I remember looking for the word "iou", meaning "I owe you" and found some apps
regarding splitting the bills, but I ended up with Tricount.

------
codezero
Funny anecdote. At a former company, about 20 of us went out to Dim Sum,
expecting to split the bill.

One of my co-workers was from Hong Kong and mentioned that they did this once
or twice a week. So being a clueless American, I asked how they handled
splitting the bill.

I guess I wasn't too surprised at his response, but he seemed completely
puzzled as to why this was an issue. He said they each paid their share, and
that was that.

I shared how this is a constant problem for diverse groups in the US, and he
basically understood, but thought it was really funny.

My theory as to why this is an issue is that people all have their own
preferences around food. What to eat, how much to eat, whether they'll also
drink, and how much to tip.

We feel very entitled to all of those. Some people, when offered an all-you-
can-eat service, will eat an insane amount of food, while others will eat the
same that they would if it were plate-by-plate.

Some will drink if the alcohol is cheap, others will drink twice as much if
it's expensive.

Some want just a salad, while others want salad, a main course, and dessert.

Welp, this causes a huge disparity because the bill comes in and either you
need to go line by line to get the total, then impose a line by line tip
percentage for each person, and, surprise surprise, nobody has cash.
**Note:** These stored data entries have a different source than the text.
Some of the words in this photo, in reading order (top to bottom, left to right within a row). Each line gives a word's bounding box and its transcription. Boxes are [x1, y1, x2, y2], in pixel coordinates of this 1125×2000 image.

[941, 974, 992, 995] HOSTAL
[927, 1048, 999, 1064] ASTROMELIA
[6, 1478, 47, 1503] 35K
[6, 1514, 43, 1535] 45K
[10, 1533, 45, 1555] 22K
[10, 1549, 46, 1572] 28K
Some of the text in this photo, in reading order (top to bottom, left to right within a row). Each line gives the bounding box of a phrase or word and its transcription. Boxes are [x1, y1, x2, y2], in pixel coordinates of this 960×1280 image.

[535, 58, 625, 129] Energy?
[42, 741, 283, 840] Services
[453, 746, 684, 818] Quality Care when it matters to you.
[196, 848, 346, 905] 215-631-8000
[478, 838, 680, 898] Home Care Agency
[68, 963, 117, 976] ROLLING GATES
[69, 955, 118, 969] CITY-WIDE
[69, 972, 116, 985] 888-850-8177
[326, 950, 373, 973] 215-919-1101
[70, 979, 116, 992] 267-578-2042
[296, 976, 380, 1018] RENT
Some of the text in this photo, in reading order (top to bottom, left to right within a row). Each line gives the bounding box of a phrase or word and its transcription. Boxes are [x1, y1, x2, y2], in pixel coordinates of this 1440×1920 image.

So, how can all this be solved?

Here are a few solutions.

1) If it's for the office, have the company pay for it. This is a really
reasonable request. Expense it. It removes any question about who owes what,
and removes the sort of grating annoyance of collecting money from
individuals. Doing that again and again will wear down a team.

2) Get everyone on board with the same money transfer app, and collect payment
immediately.

Use Venmo, or Square Cash, or what ever else is out there. Instant payments
make this all go away. If you want to get the app adopted fast, have your
company pitch in and send $5 or $10 to each person as an incentive to join up
on the same app. This will pay dividends down the road.

3) If all else fails, make it clear up front that the price is going to be
split equally, and keep a public log of who has and has not paid – send out an
email reminder to the team with the names and who owes what. This may seem
extreme, but if for some reason you're unable or unwilling to do 1) or 2) this
will make things clear up real fast. If you are concerned that someone on the
team can't afford to pay, obviously, don't hassle them, and try to amortize
the cost by spreading it over the rest of the team as discretely as you can,
or ask a few people who are sympathetic to pitch in offline.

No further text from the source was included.